|Publication number||US4521066 A|
|Application number||US 06/595,687|
|Publication date||Jun 4, 1985|
|Filing date||Apr 2, 1984|
|Priority date||Apr 2, 1984|
|Publication number||06595687, 595687, US 4521066 A, US 4521066A, US-A-4521066, US4521066 A, US4521066A|
|Inventors||Hans I. Kempe|
|Original Assignee||The Deutsch Company, Electronic Components Division|
|Export Citation||BiBTeX, EndNote, RefMan|
|Patent Citations (7), Referenced by (11), Classifications (4), Legal Events (4)|
|External Links: USPTO, USPTO Assignment, Espacenet|
The present invention relates to electrical connectors and more particularly concerns an arrangement for preventing inadvertent cocking of a connector coupling ring.
An electrical connector of known configuration, such as shown in U.S. Pat. Nos. 4,066,315, 4,106,839, 4,123,842 and 4,183,605 includes a receptacle and plug shell having keys and keyways that may be mutually registered, in rotation, to allow insertion of the receptacle into the plug shell only in one position of relative rotation. A coupling ring on the plug shell has registration elements that must be aligned with corresponding elements of the plug shell in order to permit insertion of the receptacle into the plug shell. Cocking or relative rotation of the coupling ring and plug shell, after insertion of the receptacle into the plug shell, draws the connector parts tightly together and prevents axial separation. A spring detent is provided to retain a selected position of relative rotation of the coupling ring and plug shell and to allow manual rotation of the coupling ring after insertion of the receptacle into the plug shell. However, this spring detent also permits negligent or inadvertent cocking or relative rotation of the coupling ring and plug shell prior to insertion of the receptacle into the plug shell. Such precocking misaligns the registration elements of the coupling ring and plug shell and prevents insertion of the receptacle into the plug shell. The improper relative rotation of the coupling ring or its precocking cannot be readily determined by visual observation or may be overlooked by negligent personnel. Thus, attempts to mate the connector parts may be made when such mating is prevented by the improper rotation position of the coupling ring. This may result in damage to the connector, or additional time and effort for determining and correcting the inability to mate the connector parts. The coupling ring, when inadvertently precocked, may require large manual force to rotate it back to its aligned position. This may lead one to use a tool to apply greater rotational force whereby the great force applied by the tool may be applied in the wrong direction or be so large as to damage the connector.
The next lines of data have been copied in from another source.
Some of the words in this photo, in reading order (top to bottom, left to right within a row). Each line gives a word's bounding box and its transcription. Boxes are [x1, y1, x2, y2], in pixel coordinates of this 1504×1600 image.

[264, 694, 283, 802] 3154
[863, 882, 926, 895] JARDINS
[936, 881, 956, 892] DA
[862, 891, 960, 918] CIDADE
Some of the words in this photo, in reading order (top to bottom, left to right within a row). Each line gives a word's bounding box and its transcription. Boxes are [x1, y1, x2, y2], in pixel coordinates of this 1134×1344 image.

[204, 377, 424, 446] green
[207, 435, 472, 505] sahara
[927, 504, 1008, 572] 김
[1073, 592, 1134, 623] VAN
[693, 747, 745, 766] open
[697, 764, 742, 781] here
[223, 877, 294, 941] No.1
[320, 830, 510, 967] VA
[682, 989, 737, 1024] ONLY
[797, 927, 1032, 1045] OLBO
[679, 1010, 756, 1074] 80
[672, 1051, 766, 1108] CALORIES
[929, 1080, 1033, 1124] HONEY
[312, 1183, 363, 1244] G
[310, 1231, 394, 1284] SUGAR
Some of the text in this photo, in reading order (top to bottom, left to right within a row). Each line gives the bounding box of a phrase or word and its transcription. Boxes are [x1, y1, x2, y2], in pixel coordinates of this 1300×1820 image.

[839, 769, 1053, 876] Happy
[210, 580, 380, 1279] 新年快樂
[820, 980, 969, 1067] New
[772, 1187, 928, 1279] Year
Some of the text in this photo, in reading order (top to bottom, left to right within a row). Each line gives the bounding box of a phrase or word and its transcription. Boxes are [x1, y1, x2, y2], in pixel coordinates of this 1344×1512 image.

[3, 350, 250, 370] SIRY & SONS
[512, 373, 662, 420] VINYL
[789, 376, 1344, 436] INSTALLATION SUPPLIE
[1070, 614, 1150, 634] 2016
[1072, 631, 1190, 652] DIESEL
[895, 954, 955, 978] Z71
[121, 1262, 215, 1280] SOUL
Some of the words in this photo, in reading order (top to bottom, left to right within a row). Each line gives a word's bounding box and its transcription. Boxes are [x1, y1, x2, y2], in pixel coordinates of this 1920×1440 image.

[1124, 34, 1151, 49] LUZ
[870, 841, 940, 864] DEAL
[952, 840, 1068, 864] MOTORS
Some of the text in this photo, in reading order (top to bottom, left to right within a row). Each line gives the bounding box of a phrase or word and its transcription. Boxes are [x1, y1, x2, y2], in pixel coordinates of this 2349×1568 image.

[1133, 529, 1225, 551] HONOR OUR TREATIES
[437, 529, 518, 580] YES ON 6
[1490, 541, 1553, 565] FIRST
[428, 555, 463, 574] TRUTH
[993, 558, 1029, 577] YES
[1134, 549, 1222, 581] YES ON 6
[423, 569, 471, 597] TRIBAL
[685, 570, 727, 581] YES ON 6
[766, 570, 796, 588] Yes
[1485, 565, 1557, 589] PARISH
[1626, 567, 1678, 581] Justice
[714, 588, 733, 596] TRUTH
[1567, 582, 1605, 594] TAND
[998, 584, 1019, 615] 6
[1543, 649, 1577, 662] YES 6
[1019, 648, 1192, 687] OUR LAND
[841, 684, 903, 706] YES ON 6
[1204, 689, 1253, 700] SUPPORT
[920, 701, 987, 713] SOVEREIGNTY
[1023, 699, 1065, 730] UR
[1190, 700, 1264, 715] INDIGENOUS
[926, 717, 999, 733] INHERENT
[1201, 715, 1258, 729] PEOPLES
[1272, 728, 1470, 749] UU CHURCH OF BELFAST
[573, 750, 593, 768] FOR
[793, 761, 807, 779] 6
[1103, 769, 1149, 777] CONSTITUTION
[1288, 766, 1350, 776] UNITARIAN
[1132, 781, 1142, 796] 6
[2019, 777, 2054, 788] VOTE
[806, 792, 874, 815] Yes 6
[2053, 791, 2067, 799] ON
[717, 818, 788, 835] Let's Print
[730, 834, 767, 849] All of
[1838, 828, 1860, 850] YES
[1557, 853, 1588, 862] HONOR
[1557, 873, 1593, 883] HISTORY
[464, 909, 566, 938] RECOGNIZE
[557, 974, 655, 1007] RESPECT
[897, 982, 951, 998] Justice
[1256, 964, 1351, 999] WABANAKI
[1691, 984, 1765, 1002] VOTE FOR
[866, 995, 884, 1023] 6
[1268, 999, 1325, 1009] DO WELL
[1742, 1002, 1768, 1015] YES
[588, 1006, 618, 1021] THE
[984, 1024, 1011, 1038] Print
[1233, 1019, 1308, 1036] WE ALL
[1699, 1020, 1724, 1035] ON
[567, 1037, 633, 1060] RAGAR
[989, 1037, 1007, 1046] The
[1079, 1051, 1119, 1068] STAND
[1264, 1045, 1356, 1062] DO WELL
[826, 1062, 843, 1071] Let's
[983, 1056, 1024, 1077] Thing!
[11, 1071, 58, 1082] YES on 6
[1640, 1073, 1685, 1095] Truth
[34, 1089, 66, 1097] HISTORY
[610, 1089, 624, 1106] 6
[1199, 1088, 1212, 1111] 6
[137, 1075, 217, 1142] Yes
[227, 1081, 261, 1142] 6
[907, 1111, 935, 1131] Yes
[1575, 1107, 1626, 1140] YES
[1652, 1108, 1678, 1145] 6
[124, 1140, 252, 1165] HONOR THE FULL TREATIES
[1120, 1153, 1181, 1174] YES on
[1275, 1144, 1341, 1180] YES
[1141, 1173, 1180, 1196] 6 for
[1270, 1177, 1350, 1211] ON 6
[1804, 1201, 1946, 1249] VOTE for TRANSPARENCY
Accordingly it is an object of the present invention to provide an electrical connector that avoids or minimizes problems stated above.
In carrying out principles of the present invention, in accordance with a preferred embodiment thereof, an electrical connector in which a coupling ring is rotated to lock connector parts together, is provided with locking means for preventing relative rotation of the coupling ring and a first one of the connector parts. Also provided are means responsive to partial connection of the connector parts for disabling the locking means, whereby the coupling ring can be rotated relative to the first connector part only after partial connection of the parts.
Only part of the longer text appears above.